The monument was dedicated on Sunday, August 12, 1906. During the ceremony, several dignitaries gave speeches, including former San Francisco Mayor Phelan; current Mayor Schmitz; California Governor Pardee; and General James F. Smith, Governor-General of the Philippines.

In 1925, it was moved to its present location at the corner of Market and Dolores Street.

==Design==
The central figure depicts Bellona, goddess of war, riding on the back of Pegasus, the winged horse. (The 1906 San Francisco Call article reporting from the dedication ceremony describes the riding figure as Victory). There are two soldiers on the monument, one fallen, and one standing to the side armed with a pistol. One side of the pedestal is inscribed with the text "Erected by the Citizens of San Francisco in Honor of the California Volunteers, Spanish–American War, 1898. First to the Front." The bronze figures are 16 ft tall and 10 ft long, mounted on a granite base another 10 ft tall.
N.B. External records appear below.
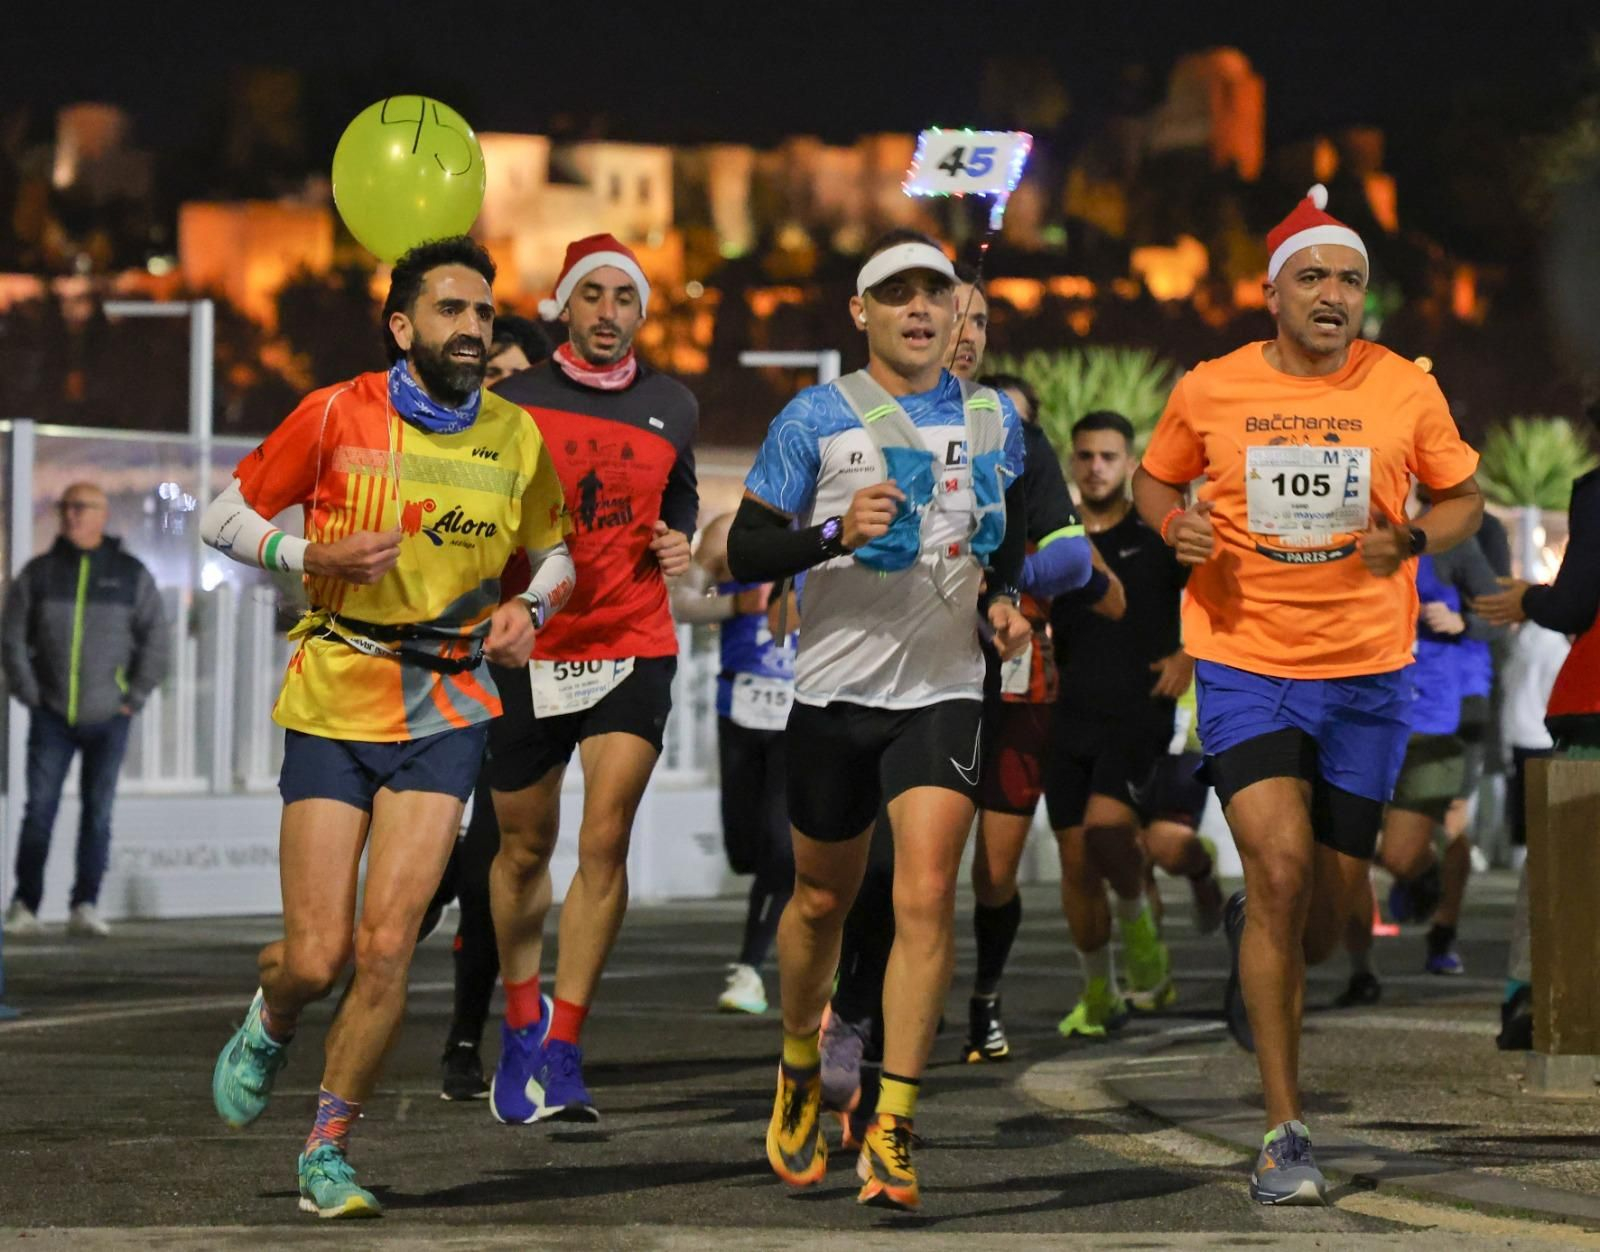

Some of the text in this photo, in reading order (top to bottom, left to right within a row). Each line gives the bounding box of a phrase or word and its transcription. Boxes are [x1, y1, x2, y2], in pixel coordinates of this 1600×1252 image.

[380, 97, 472, 175] 45
[938, 146, 997, 177] 45
[1246, 415, 1362, 433] Bacchantes
[1271, 473, 1331, 497] 105
[432, 505, 497, 538] Álora
[1287, 551, 1328, 564] PARIS
[553, 660, 603, 681] 590
[750, 689, 786, 706] 715
Shortly after its dedication in August 1906, Will Sparks criticized the original placement of the monument at Market and Van Ness, stating "from many points of view, including one of the most important, the [silhouette] is absolutely meaningless. Looking down Van Ness avenue it is impossible to tell what it is that surmounts the pedestal. There is nothing but a tangled mess of bronze." Sparks went on to recommend the monument should be relocated "up beside a building where only the one impressive side would show. Do this with it and it will become a great monument. As it is there is much that is disappointing." His criticism was, however, not heard.